Legislative offices nominate interns and interns apply with an essay describing their award-winning work in the offices of Michigan’s Senate and House of Representatives.

Nominations and applications can be found here. They are due Monday, March 1, 2021. Winners will be announced by video on Wednesday, March 31.

The award is jointly offered by MSU’s Institute for Public Policy and Social Research (IPPSR) and James Madison College. Both offer academic and career-building courses and experiences leading to policy and public service futures.

“This is a great way to take note of deserving interns and for interns to get their skills and work noticed as they complete their studies and launch policy careers,” said IPPSR Director Matt Grossmann. Capitol internships can be paths to media and communications, advocacy, leadership and executive positions, Grossmann said.

“We’re so proud of the many Rosenthal winners who are leading in Michigan’s Capitol and throughout the state,” said Maxwell Olivero, Madison Field Experience Coordinator. See a list of winners here.

Awards offer cash prizes from $200 to $2,500. All undergraduate interns in the House and Senate at work as of Jan. 1, 2020 are eligible for nomination, he added.

Anna Cool, of Schoolcraft, and Kyle Vickery, of Kalamazoo, were top prizewinners in 2020. Cool studies comparative cultures and politics at MSU. Vickery is pursuing a degree in political theory and constitutional democracy at MSU.

In 2020, Tyler Pischel, an MSU junior from Troy, won a $500 runnerup prize.

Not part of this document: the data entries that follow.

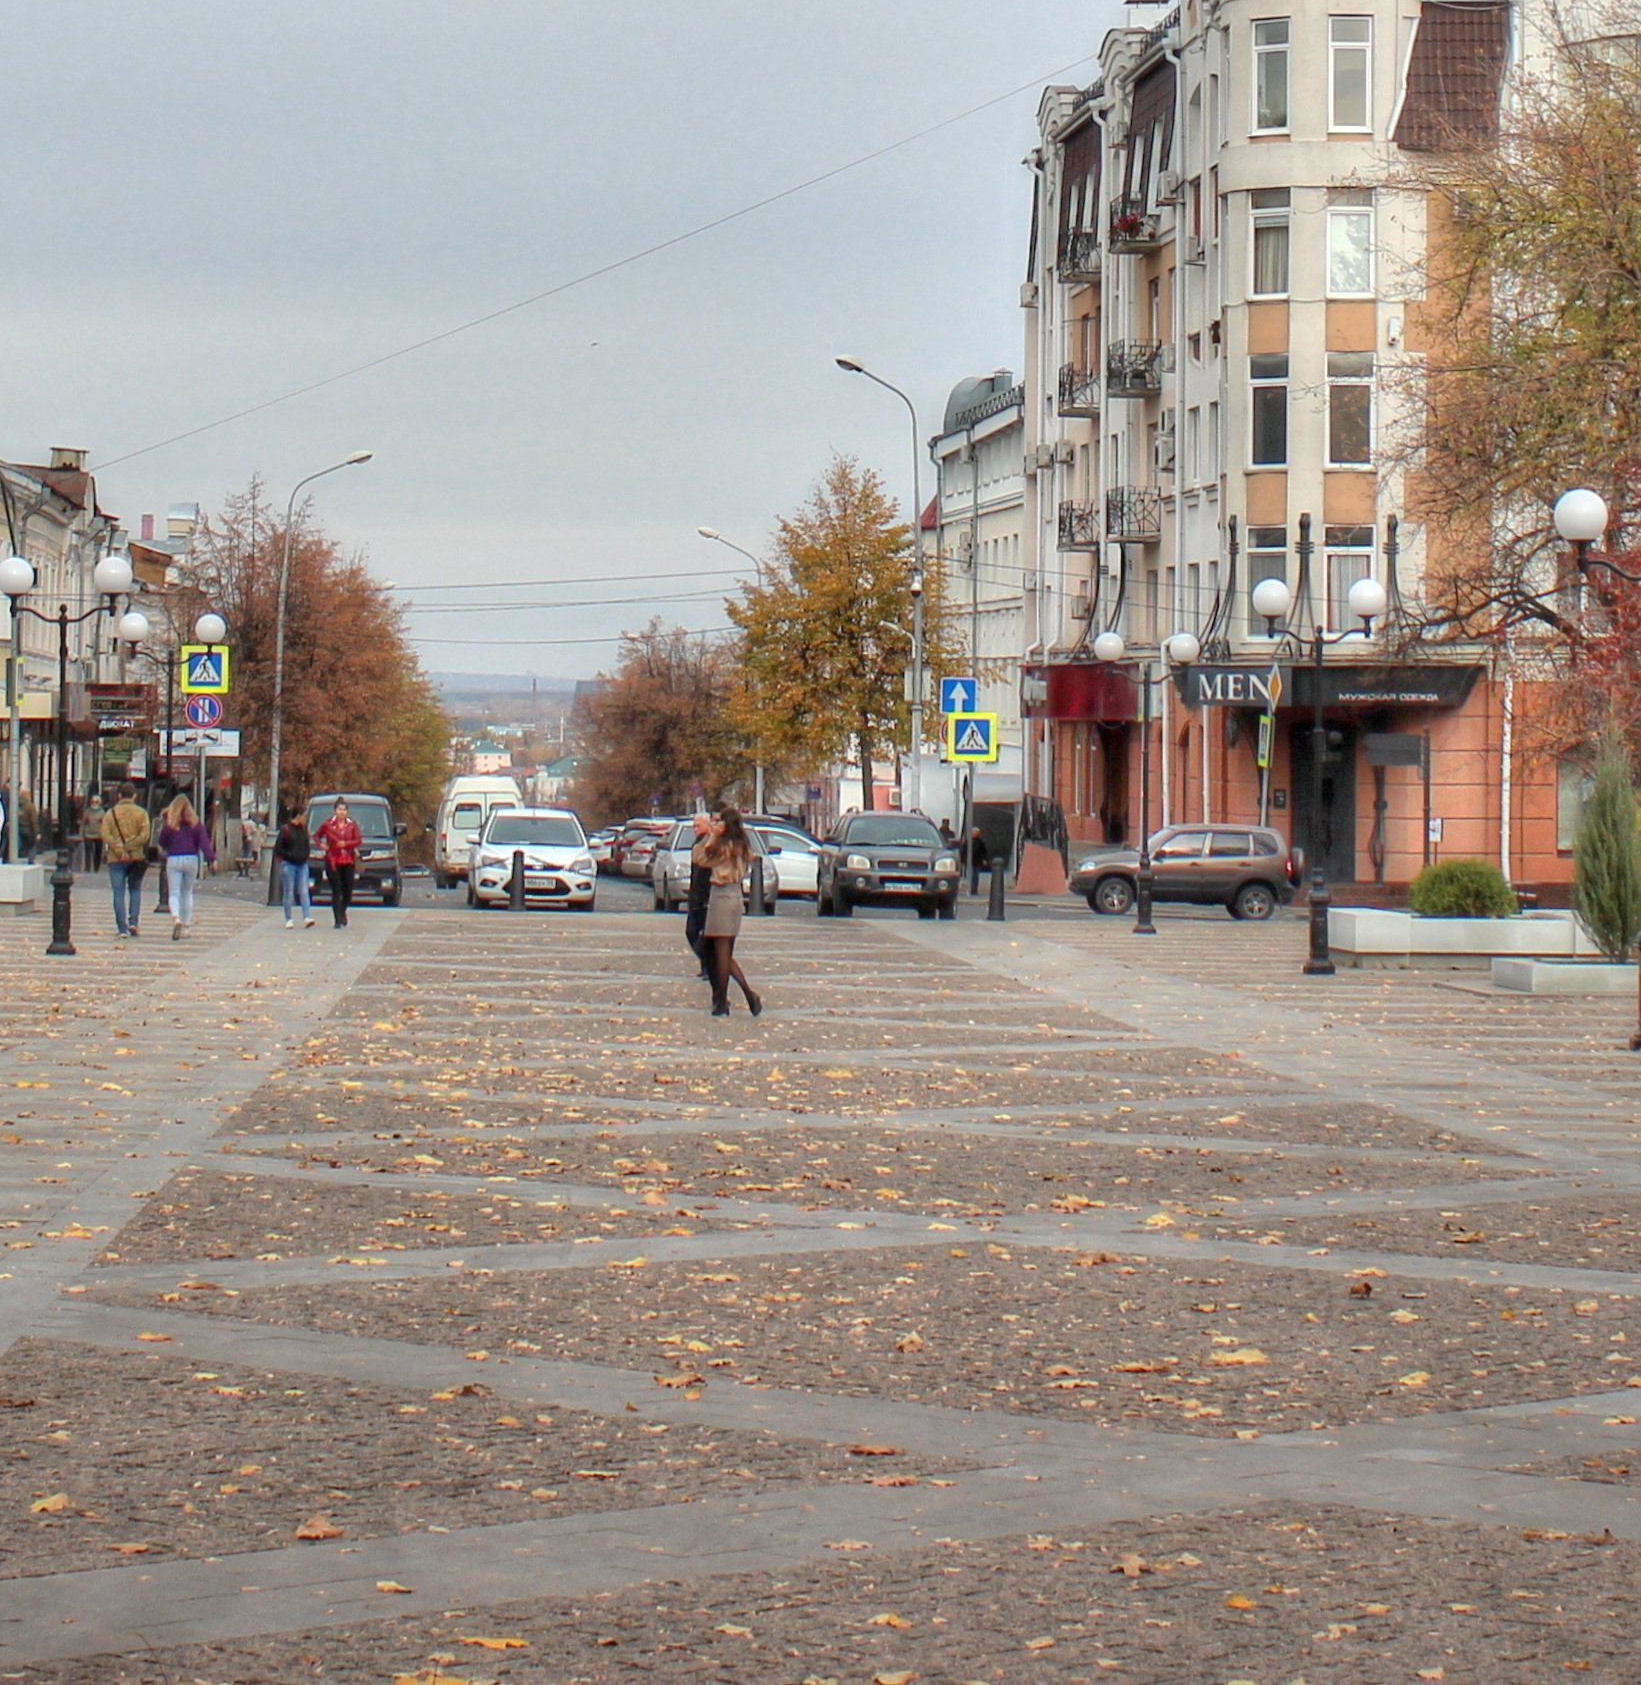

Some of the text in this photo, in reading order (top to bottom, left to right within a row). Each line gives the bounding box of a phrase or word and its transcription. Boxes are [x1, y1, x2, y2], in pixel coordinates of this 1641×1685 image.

[1198, 674, 1271, 701] MEN
[1338, 693, 1440, 703] МУЖСКАЯ ОДЕЖДА
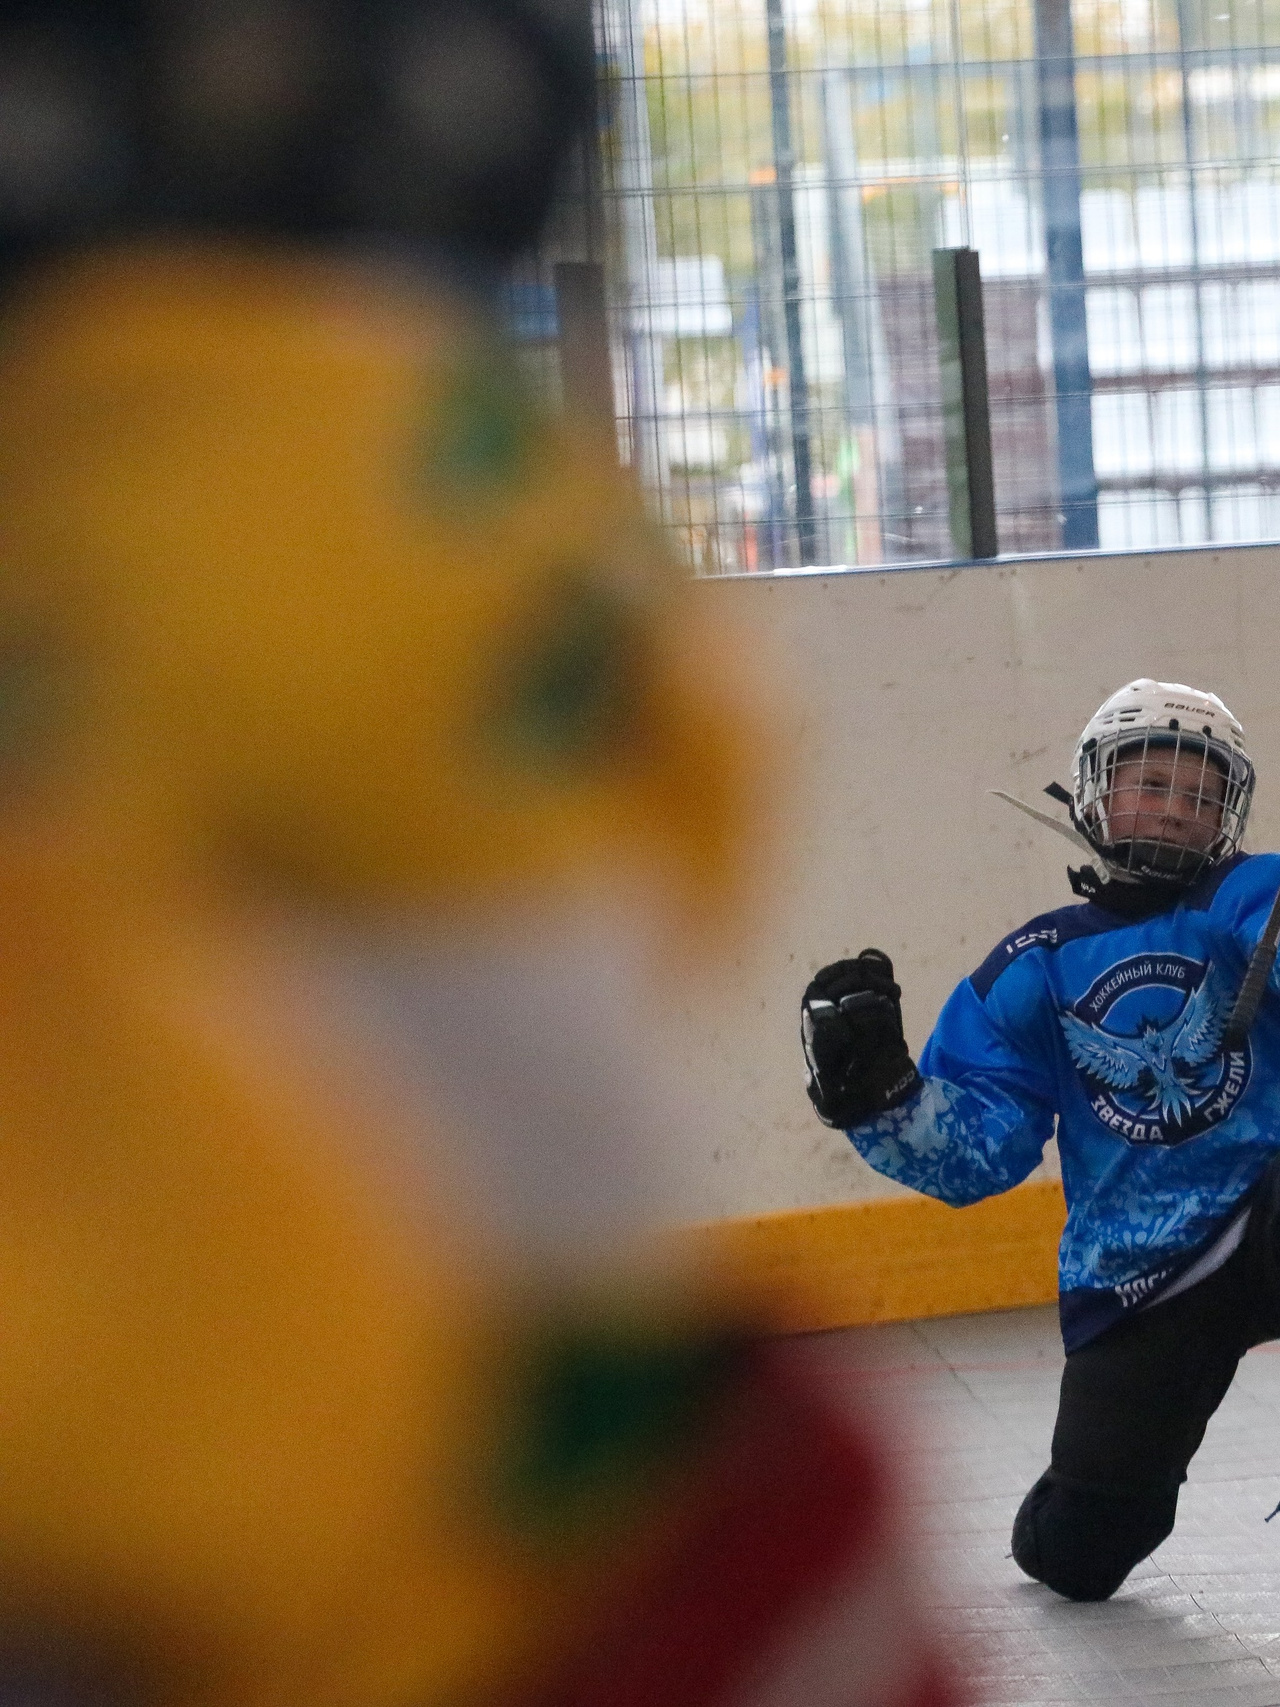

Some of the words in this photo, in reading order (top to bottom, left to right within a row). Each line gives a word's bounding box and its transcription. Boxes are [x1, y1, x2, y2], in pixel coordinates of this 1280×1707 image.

[1164, 702, 1216, 718] BAUER
[1089, 959, 1153, 1013] ХОККЕЙНЫЙ
[1155, 962, 1187, 980] КЛУБ
[1091, 1094, 1164, 1142] ЗВЕЗДА
[1203, 1050, 1246, 1123] ГЖЕЛИ
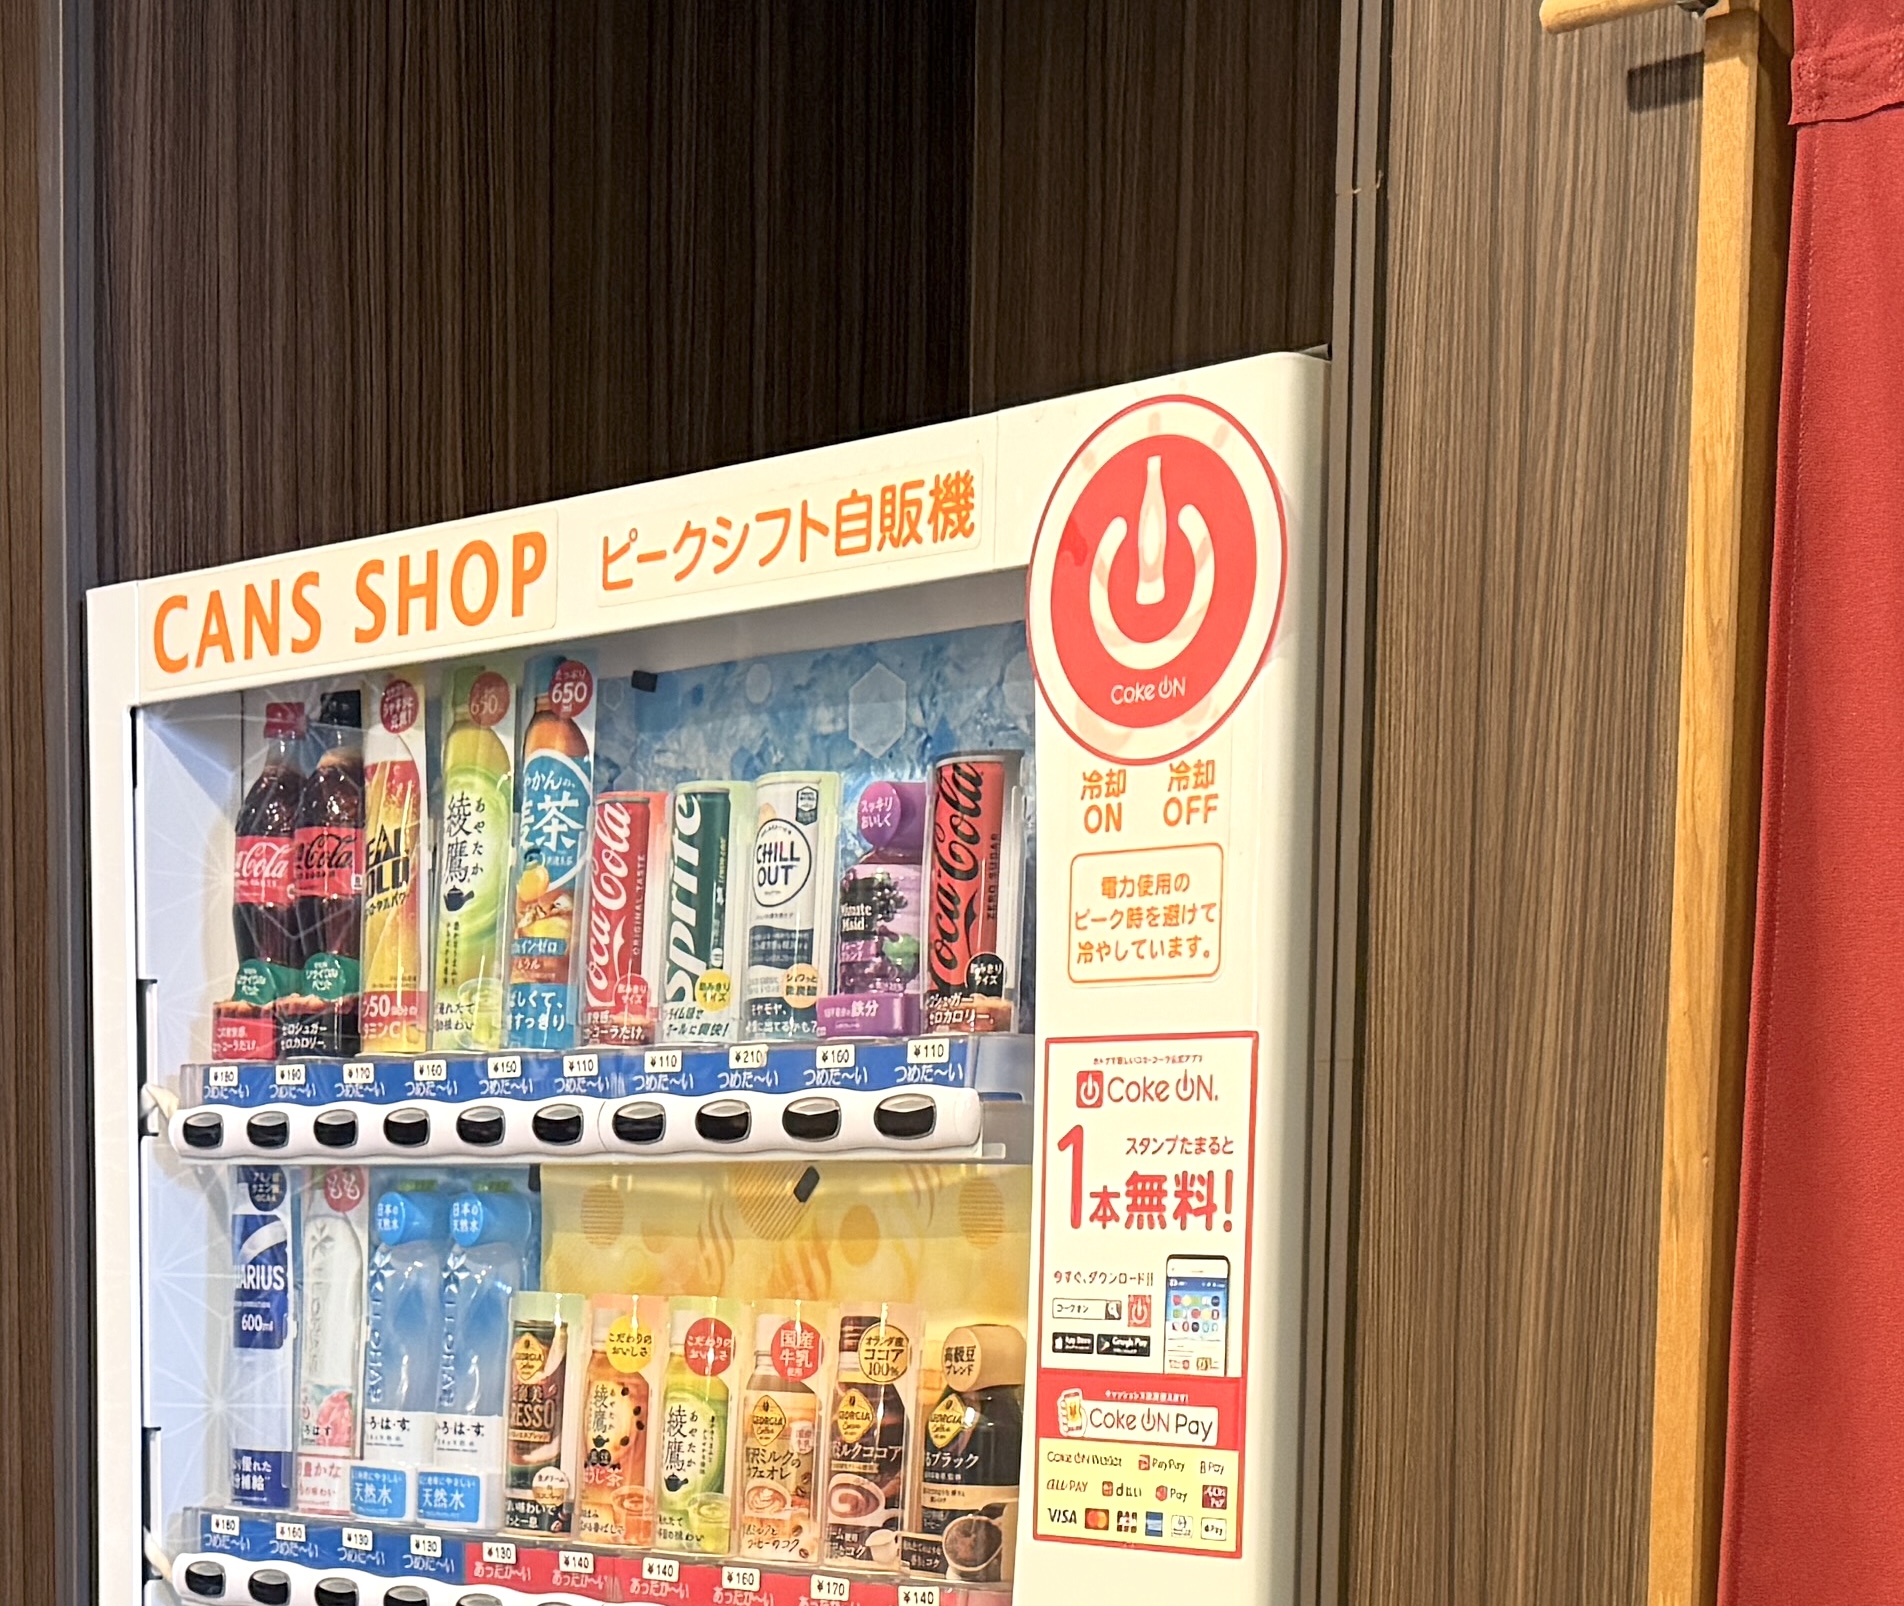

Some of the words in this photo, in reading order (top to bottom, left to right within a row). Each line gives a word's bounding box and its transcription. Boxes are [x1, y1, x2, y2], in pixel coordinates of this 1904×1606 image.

[601, 468, 977, 592] ピークシフト自販機
[153, 570, 323, 674] CANS
[354, 530, 548, 644] SHOP
[551, 679, 588, 703] 650
[1110, 681, 1156, 705] Coke
[1158, 674, 1186, 700] ON
[1081, 768, 1127, 801] 冷却
[1167, 759, 1216, 792] 冷却
[860, 796, 893, 814] スッキリ
[1162, 793, 1219, 827] OFF
[860, 813, 892, 830] おいしく
[1083, 803, 1123, 834] ON
[445, 794, 472, 884] 綾鷹
[756, 840, 801, 864] CHILL
[757, 865, 794, 888] OUT
[1100, 872, 1191, 899] 電力使用の
[1074, 902, 1218, 932] ピーク時を避けて
[1076, 935, 1211, 965] 冷やしています。
[734, 1049, 763, 1064] ¥210
[821, 1048, 850, 1064] ¥160
[913, 1043, 944, 1058] ¥110
[568, 1058, 594, 1072] ¥110
[650, 1054, 678, 1068] ¥110
[1108, 1076, 1170, 1103] Coke
[1125, 1134, 1234, 1156] スタンプたまると
[327, 1174, 361, 1200] もも
[452, 1202, 478, 1219] 日本の
[452, 1218, 481, 1234] 天然水
[608, 1333, 653, 1345] こだわりの
[687, 1335, 732, 1349] こだわりの
[779, 1329, 815, 1350] 国産
[611, 1346, 649, 1357] おいしさ
[779, 1349, 814, 1369] 牛乳
[864, 1348, 905, 1362] ココア
[944, 1345, 976, 1364] 高級豆
[868, 1361, 899, 1378] 100%
[944, 1362, 976, 1377] ブレンド
[592, 1384, 609, 1434] 綾鷹
[1089, 1407, 1137, 1431] Coke
[1141, 1407, 1170, 1433] ON
[1175, 1412, 1213, 1443] Pay
[664, 1404, 688, 1472] 綾鷹
[687, 1414, 699, 1468] あやたか
[354, 1482, 393, 1506] 天然水
[421, 1487, 466, 1510] 天然水
[1047, 1507, 1078, 1525] VISA
[346, 1533, 369, 1546] ¥130
[414, 1539, 437, 1553] ¥130
[487, 1546, 512, 1560] ¥130
[563, 1556, 590, 1569] ¥140
[647, 1563, 674, 1578] ¥140
[726, 1571, 755, 1586] ¥160
[816, 1580, 845, 1597] ¥170
[903, 1591, 934, 1605] ¥140

Peyton Wyatt, an MSU junior in international relations and public policy from Caledonia, won a $200 prize as winner of an award honoring the late U.S. Rep. Vernon Ehlers, R-Grand Rapids.

2020 award nominees were praised as capable writers with good communications skills and strong awareness of current events and constituent viewpoints.

MSU has been honoring the life of an undergraduate science enthusiast who helped to pioneer internships in the Michigan Legislature for more than four decades. Daniel Rosenthal’s family founded the award after his death in 1977.

Since then, the program’s been expanded with a series of workshops focused on legislative internship excellence. Workshops have shared information on internship excellence and best ways to pursue career opportunities.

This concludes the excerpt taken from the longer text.